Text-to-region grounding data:
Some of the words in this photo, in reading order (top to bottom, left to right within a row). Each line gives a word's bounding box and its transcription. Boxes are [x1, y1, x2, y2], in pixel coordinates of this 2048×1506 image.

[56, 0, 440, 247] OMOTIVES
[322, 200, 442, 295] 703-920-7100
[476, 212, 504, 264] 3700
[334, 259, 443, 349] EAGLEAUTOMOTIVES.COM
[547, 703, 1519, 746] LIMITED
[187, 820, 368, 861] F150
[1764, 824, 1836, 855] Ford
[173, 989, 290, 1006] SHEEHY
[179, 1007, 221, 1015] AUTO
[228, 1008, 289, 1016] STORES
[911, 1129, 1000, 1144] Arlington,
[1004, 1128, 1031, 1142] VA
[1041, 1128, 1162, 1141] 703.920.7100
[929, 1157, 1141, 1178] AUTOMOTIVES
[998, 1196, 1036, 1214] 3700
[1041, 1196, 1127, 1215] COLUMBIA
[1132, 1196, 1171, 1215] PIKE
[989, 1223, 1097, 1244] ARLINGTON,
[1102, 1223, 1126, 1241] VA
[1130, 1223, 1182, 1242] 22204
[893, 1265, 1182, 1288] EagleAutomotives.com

* _Your task_: Write the records out once more. Each line must match.

* _Solution to the problem_:
Some of the words in this photo, in reading order (top to bottom, left to right within a row). Each line gives a word's bounding box and its transcription. Boxes are [x1, y1, x2, y2], in pixel coordinates of this 2048×1506 image.

[56, 0, 440, 247] OMOTIVES
[322, 200, 442, 295] 703-920-7100
[476, 212, 504, 264] 3700
[334, 259, 443, 349] EAGLEAUTOMOTIVES.COM
[547, 703, 1519, 746] LIMITED
[187, 820, 368, 861] F150
[1764, 824, 1836, 855] Ford
[173, 989, 290, 1006] SHEEHY
[179, 1007, 221, 1015] AUTO
[228, 1008, 289, 1016] STORES
[911, 1129, 1000, 1144] Arlington,
[1004, 1128, 1031, 1142] VA
[1041, 1128, 1162, 1141] 703.920.7100
[929, 1157, 1141, 1178] AUTOMOTIVES
[998, 1196, 1036, 1214] 3700
[1041, 1196, 1127, 1215] COLUMBIA
[1132, 1196, 1171, 1215] PIKE
[989, 1223, 1097, 1244] ARLINGTON,
[1102, 1223, 1126, 1241] VA
[1130, 1223, 1182, 1242] 22204
[893, 1265, 1182, 1288] EagleAutomotives.com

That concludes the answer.